> [INFORMATION SHOWN]:
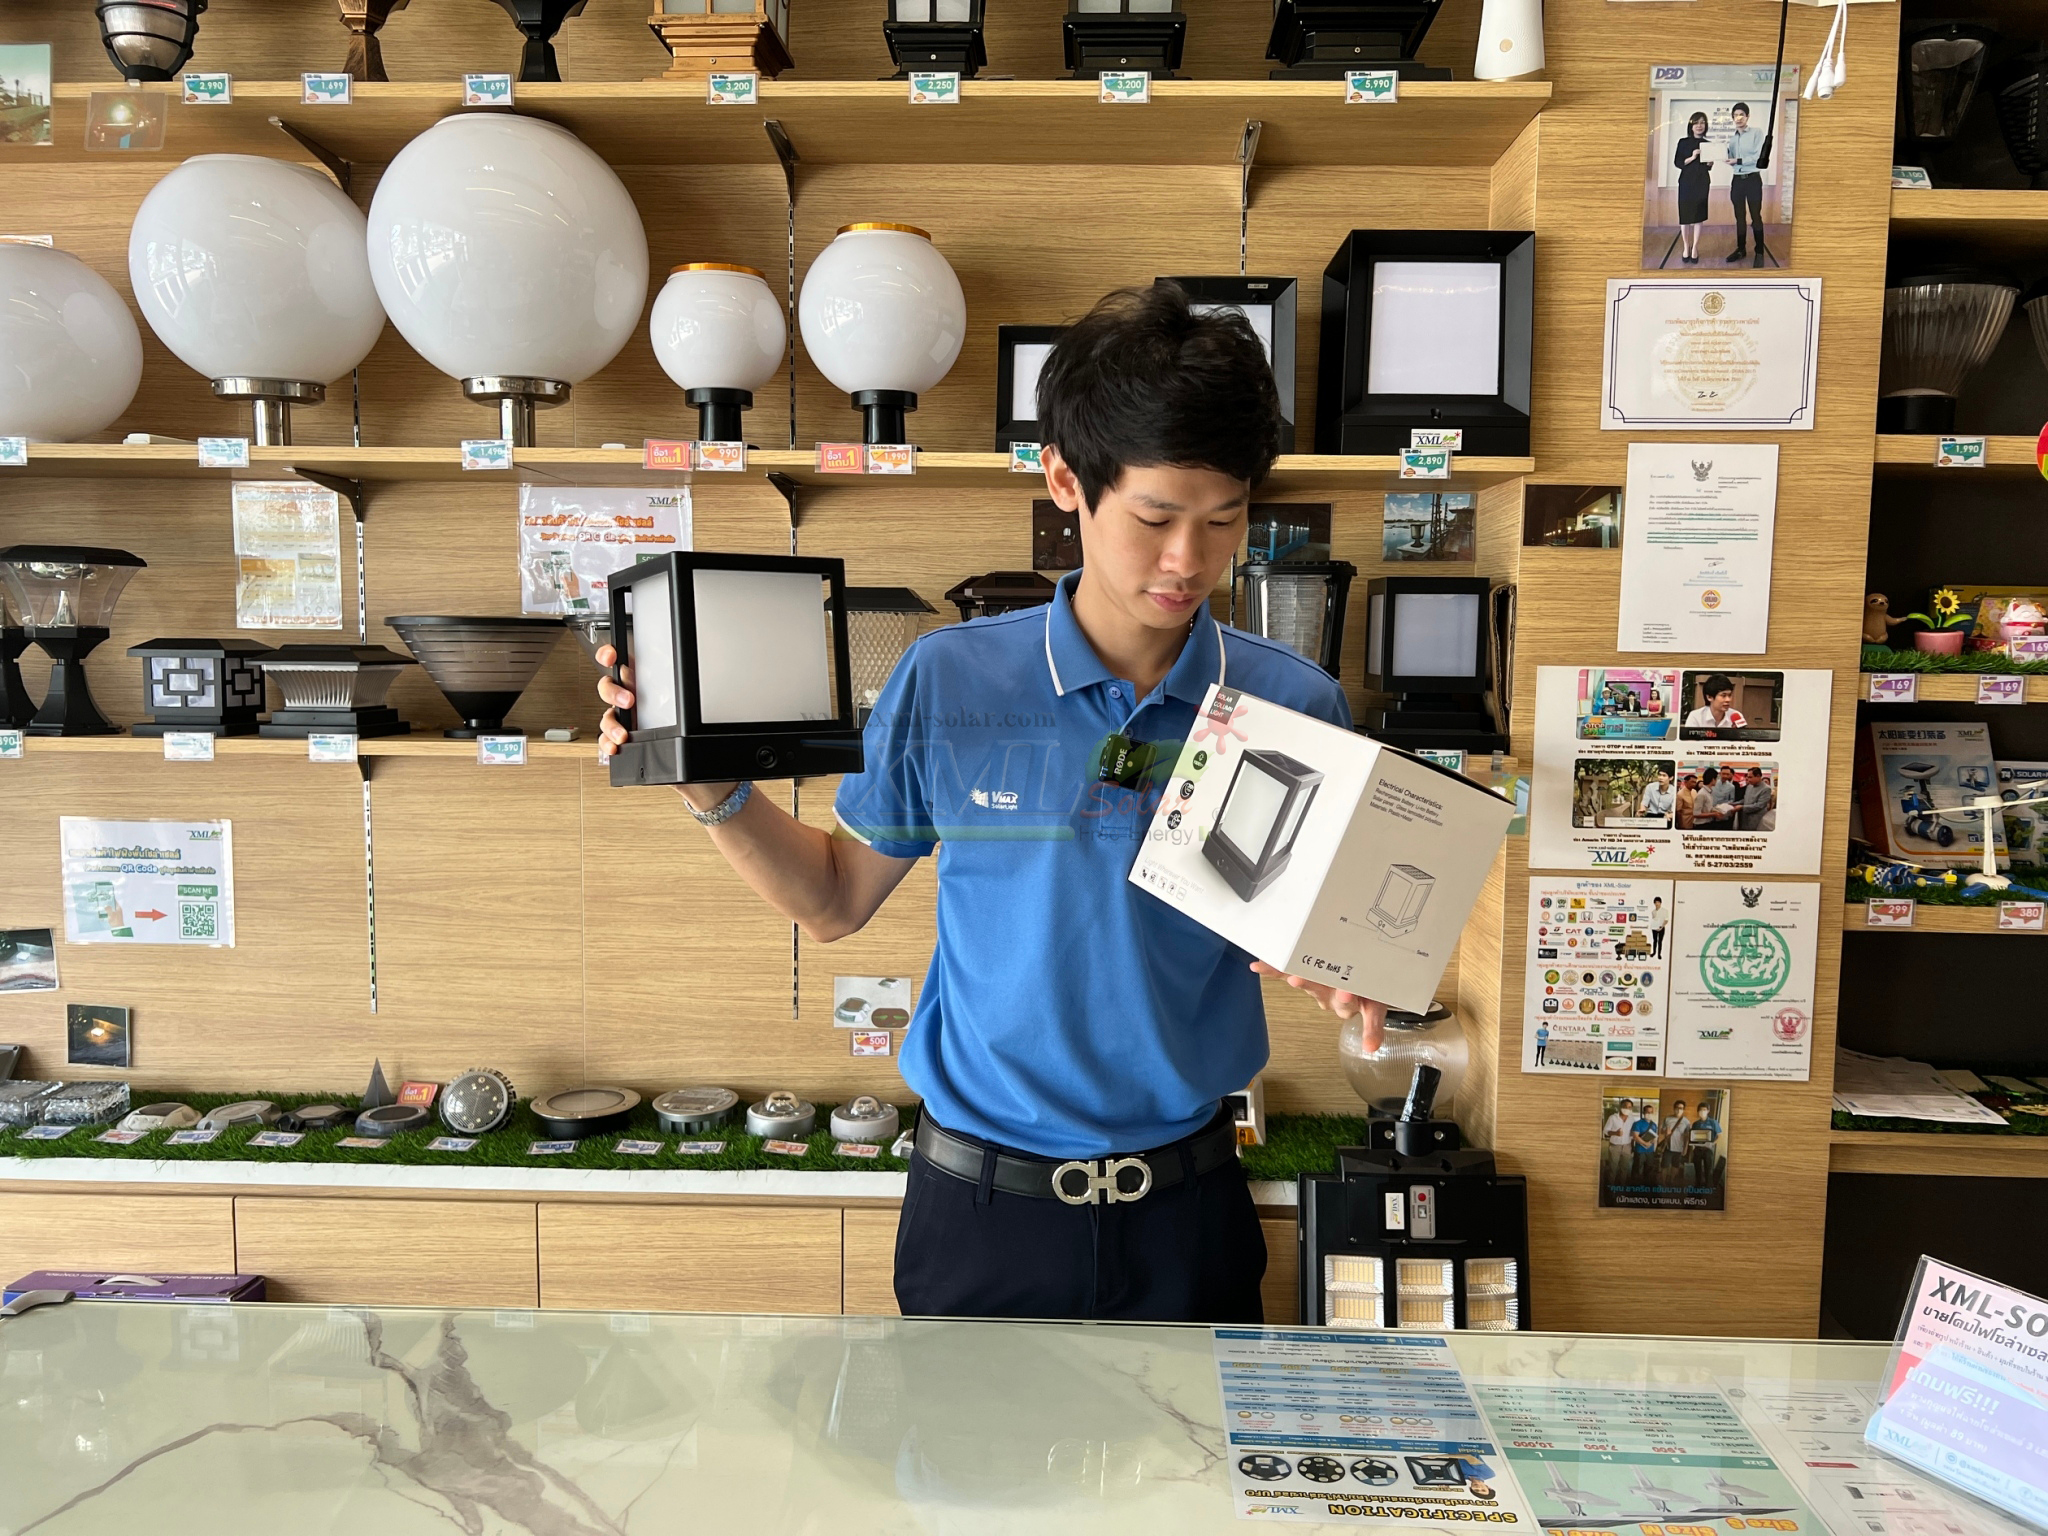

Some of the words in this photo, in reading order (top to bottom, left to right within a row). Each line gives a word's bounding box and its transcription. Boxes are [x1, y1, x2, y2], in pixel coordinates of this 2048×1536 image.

[200, 81, 223, 91] 2,990
[321, 81, 344, 91] 1,699
[483, 82, 506, 91] 1,699
[725, 82, 750, 92] 3,200
[928, 81, 952, 90] 2,250
[1117, 80, 1142, 90] 3,200
[1365, 79, 1390, 89] 5,990
[1416, 436, 1443, 445] XML
[719, 448, 739, 458] 990
[1955, 444, 1980, 454] 1,990
[884, 451, 907, 462] 1,990
[1418, 456, 1442, 465] 2,890
[2031, 642, 2048, 652] 169
[1891, 680, 1910, 690] 169
[1999, 682, 2019, 691] 169
[1217, 692, 1233, 703] SOLAR
[1213, 700, 1234, 713] COLUMN
[1209, 708, 1224, 718] LIGHT
[497, 744, 519, 753] 1,590
[1438, 757, 1457, 767] 999
[1373, 794, 1383, 803] Solar
[1378, 778, 1404, 794] Electrical
[1403, 789, 1443, 811] Characteristics:
[1592, 851, 1629, 862] XML
[120, 864, 134, 874] QR
[136, 864, 158, 874] Code
[1180, 876, 1190, 887] You
[1190, 882, 1205, 894] Want
[183, 887, 201, 895] SCAN
[202, 887, 213, 895] ME
[1888, 905, 1908, 914] 299
[2019, 908, 2039, 918] 380
[1339, 916, 1348, 924] PIR
[1416, 949, 1430, 959] Switch
[1302, 954, 1313, 965] CE
[1326, 963, 1342, 974] RoHS
[1552, 1024, 1586, 1032] CENTARA
[869, 1037, 886, 1045] 500
[1950, 1428, 1965, 1442] 89
[1513, 1441, 1555, 1449] 10,000
[1458, 1446, 1485, 1455] Model
[1534, 1451, 1543, 1459] L
[1741, 1459, 1769, 1467] Size
[1244, 1489, 1271, 1498] UFO
[1266, 1505, 1299, 1515] XML
[1327, 1503, 1519, 1524] SPECIFICATION
[1725, 1517, 1747, 1530] S
[1747, 1518, 1799, 1532] Size

> [PROBLEM REQUIREMENTS]:
Extract, from the material above, each line holding the word "Size".

> [EXERCISE ANSWER]:
[1741, 1459, 1769, 1467] Size
[1747, 1518, 1799, 1532] Size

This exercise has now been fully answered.